(Stored dataset items)
--- START ---
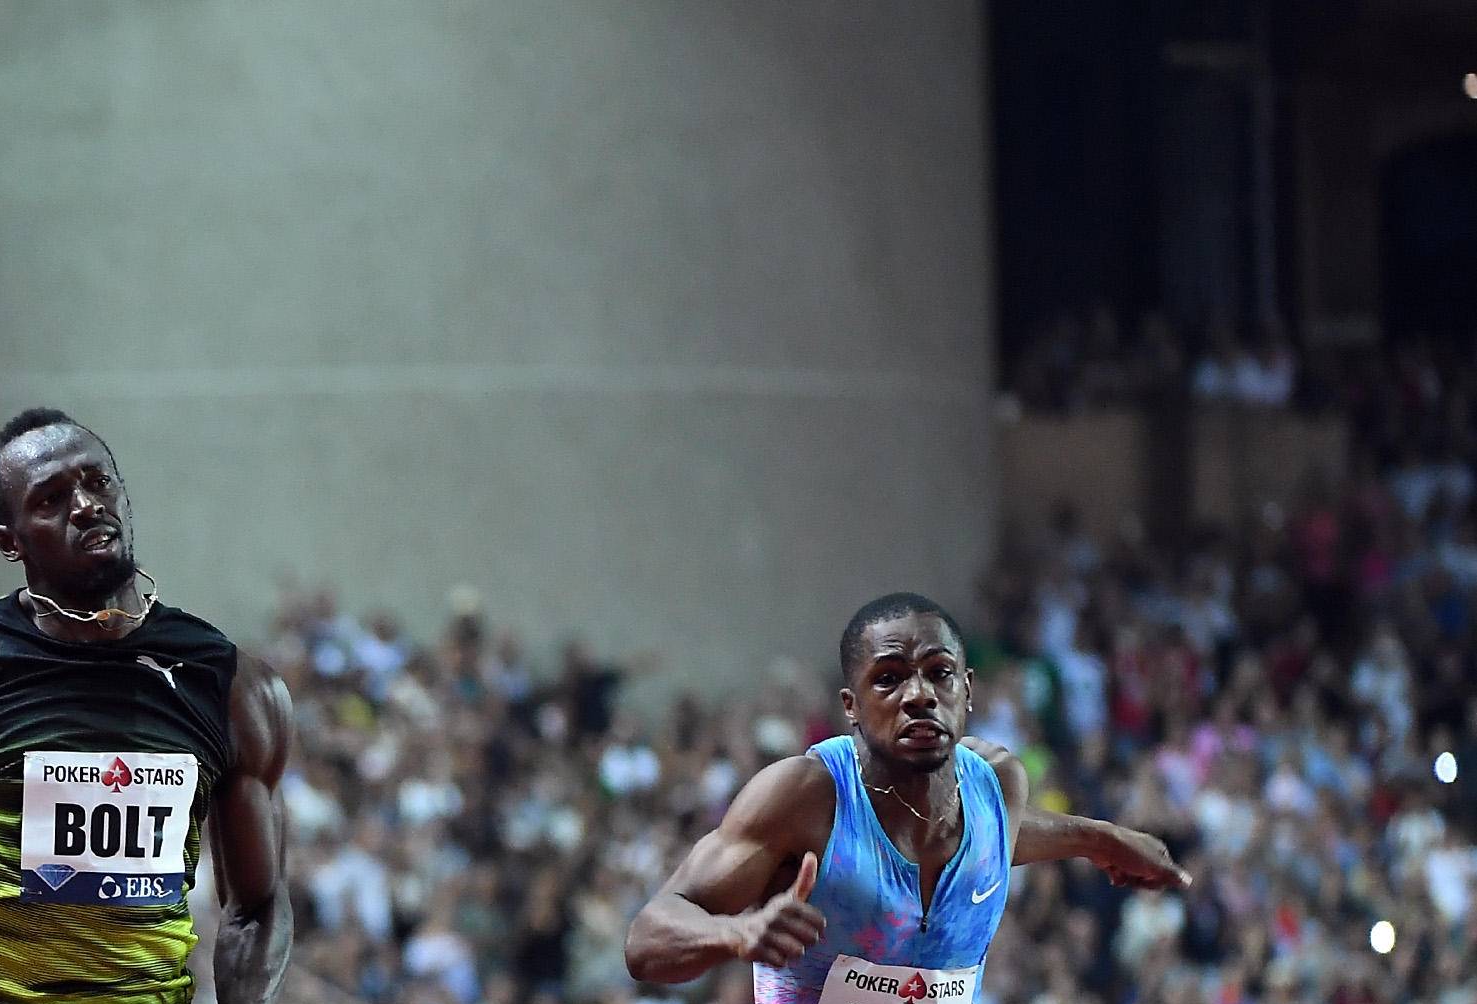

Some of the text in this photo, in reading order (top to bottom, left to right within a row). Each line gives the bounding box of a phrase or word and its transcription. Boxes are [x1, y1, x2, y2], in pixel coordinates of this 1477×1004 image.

[43, 764, 184, 786] POKER STARS
[53, 802, 173, 858] BOLT
[125, 877, 165, 898] EBS
[844, 969, 965, 999] POKER STARS
--- END ---
**What the task asks:**
With the pictures removed, return the data above word for word.

**Solution to the problem:**
Some of the text in this photo, in reading order (top to bottom, left to right within a row). Each line gives the bounding box of a phrase or word and its transcription. Boxes are [x1, y1, x2, y2], in pixel coordinates of this 1477×1004 image.

[43, 764, 184, 786] POKER STARS
[53, 802, 173, 858] BOLT
[125, 877, 165, 898] EBS
[844, 969, 965, 999] POKER STARS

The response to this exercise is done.